(Recorded data)
· · · ·

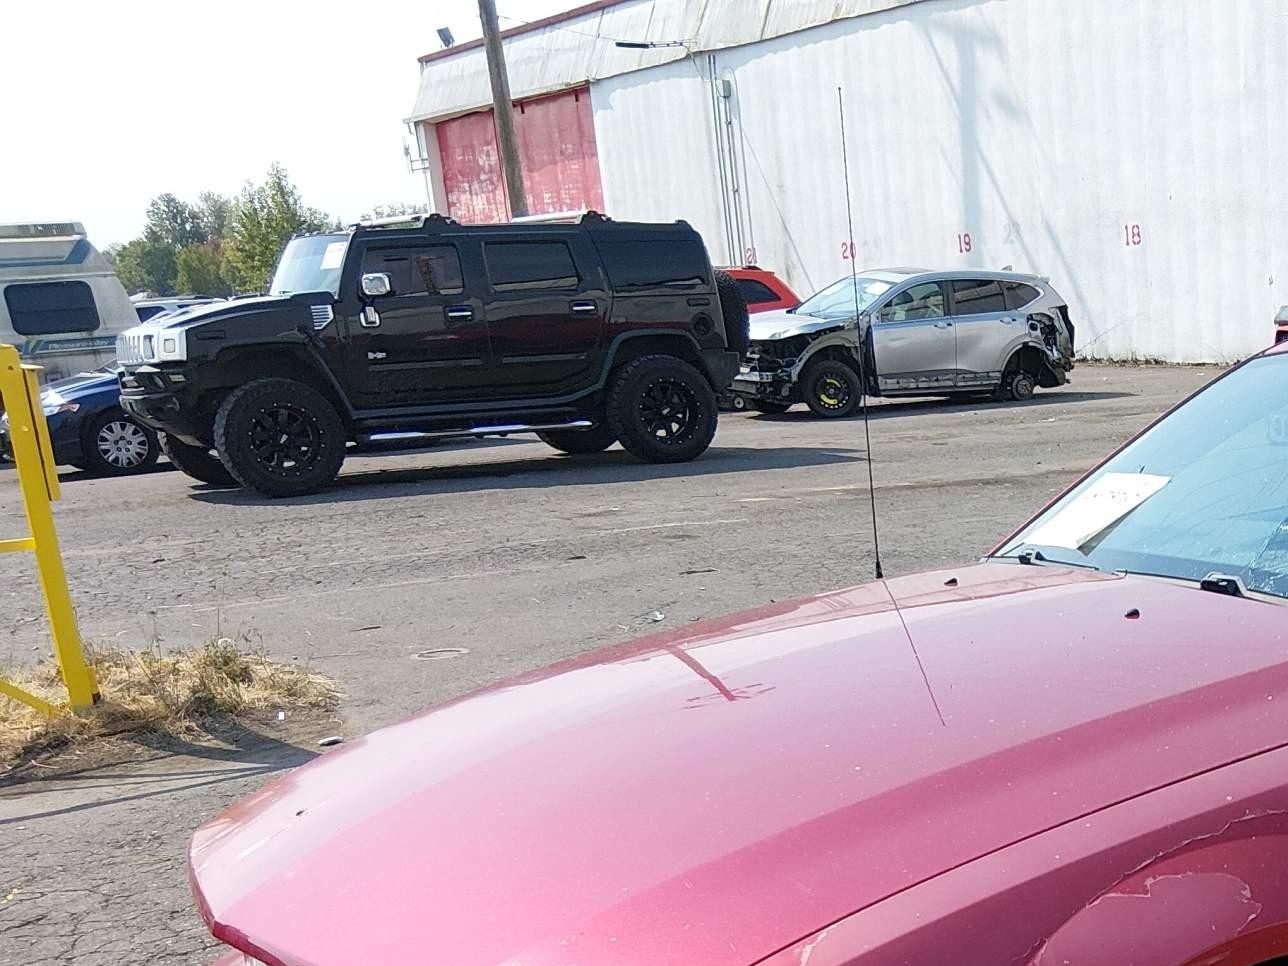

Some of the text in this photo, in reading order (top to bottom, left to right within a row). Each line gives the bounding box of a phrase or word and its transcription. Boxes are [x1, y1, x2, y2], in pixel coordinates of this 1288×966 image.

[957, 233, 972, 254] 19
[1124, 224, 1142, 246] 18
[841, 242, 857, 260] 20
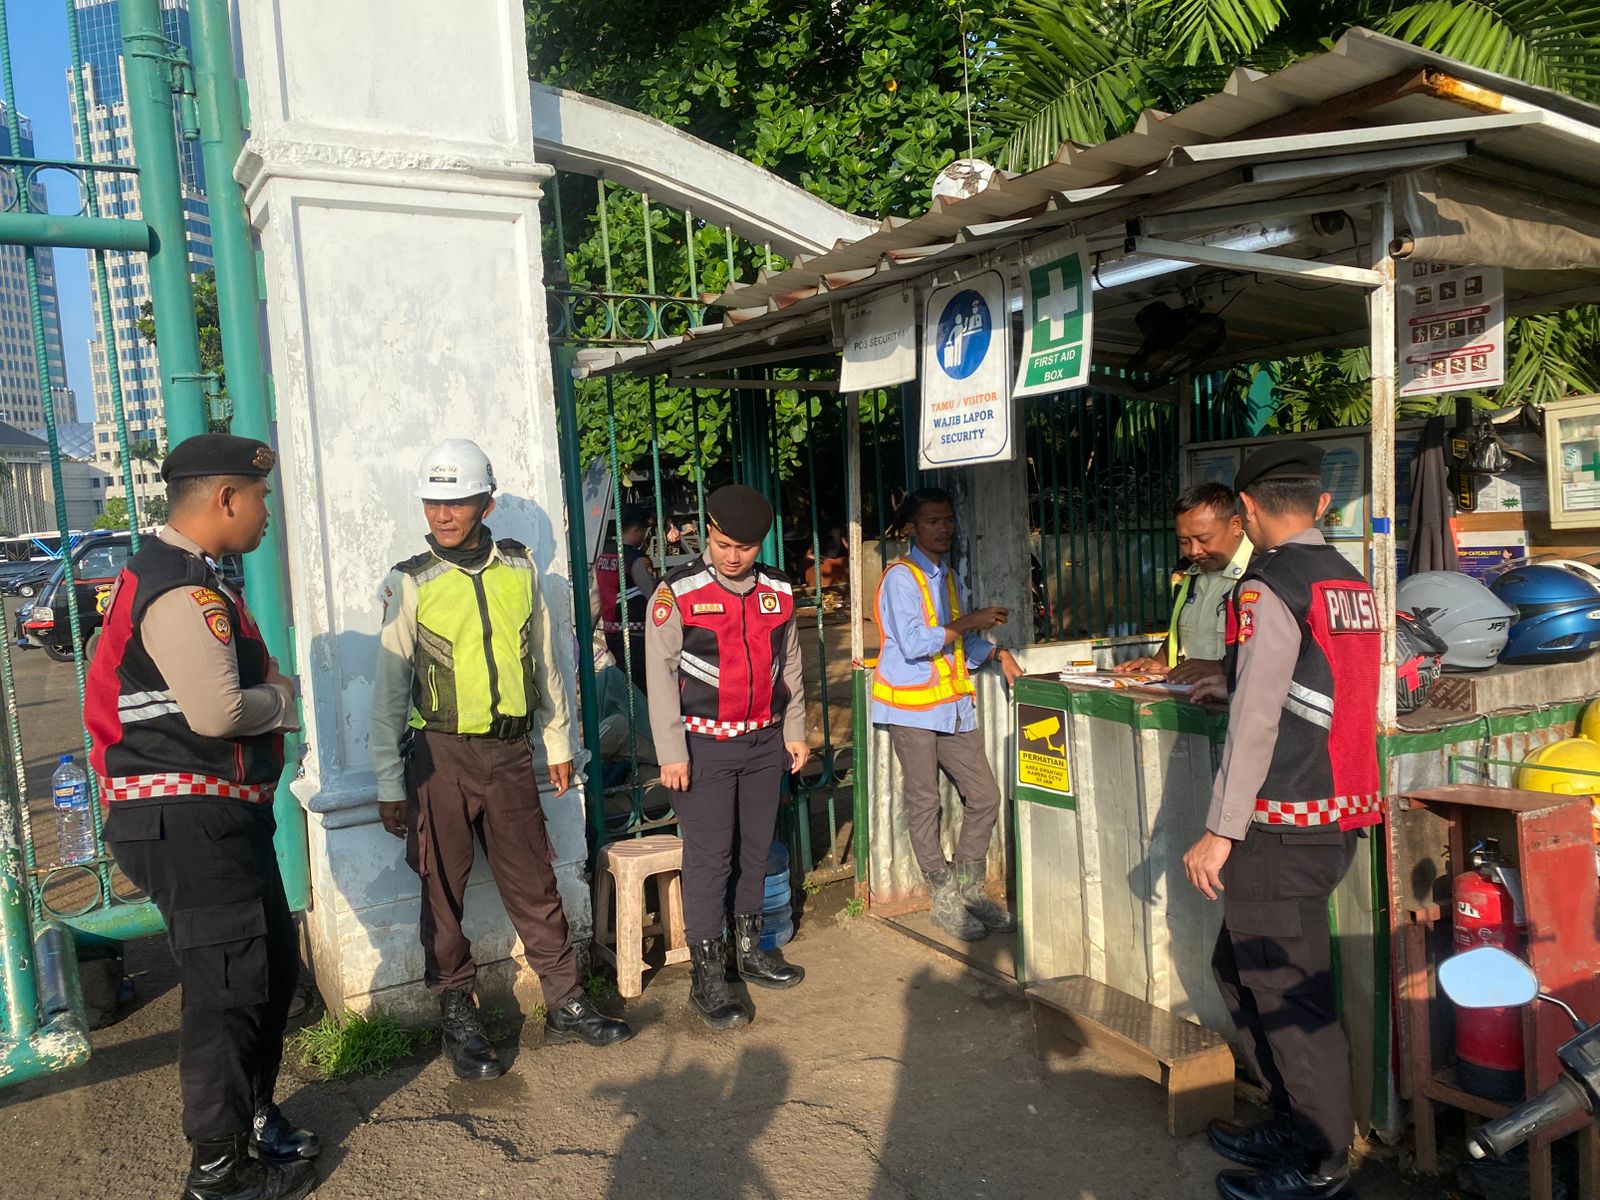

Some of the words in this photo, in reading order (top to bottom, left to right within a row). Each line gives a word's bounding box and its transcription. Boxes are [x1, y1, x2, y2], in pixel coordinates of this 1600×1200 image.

· · · ·

Work order
Give the entries back verbatim and omit the images.

Answer
Some of the text in this photo, in reading order (top to bottom, left to right within a row). Each line gives the bounding box of a phrase or word and its transcription. Boxes are [x1, y1, x2, y2], in pixel coordinates of this 1288×966 image.

[957, 233, 972, 254] 19
[1124, 224, 1142, 246] 18
[841, 242, 857, 260] 20

Some of the words in this photo, in reading order (top to bottom, left to right within a row). Each line gives a word's bounding box and its transcription. Boxes are [x1, y1, x2, y2], in pixel coordinates of this 1600×1200 image.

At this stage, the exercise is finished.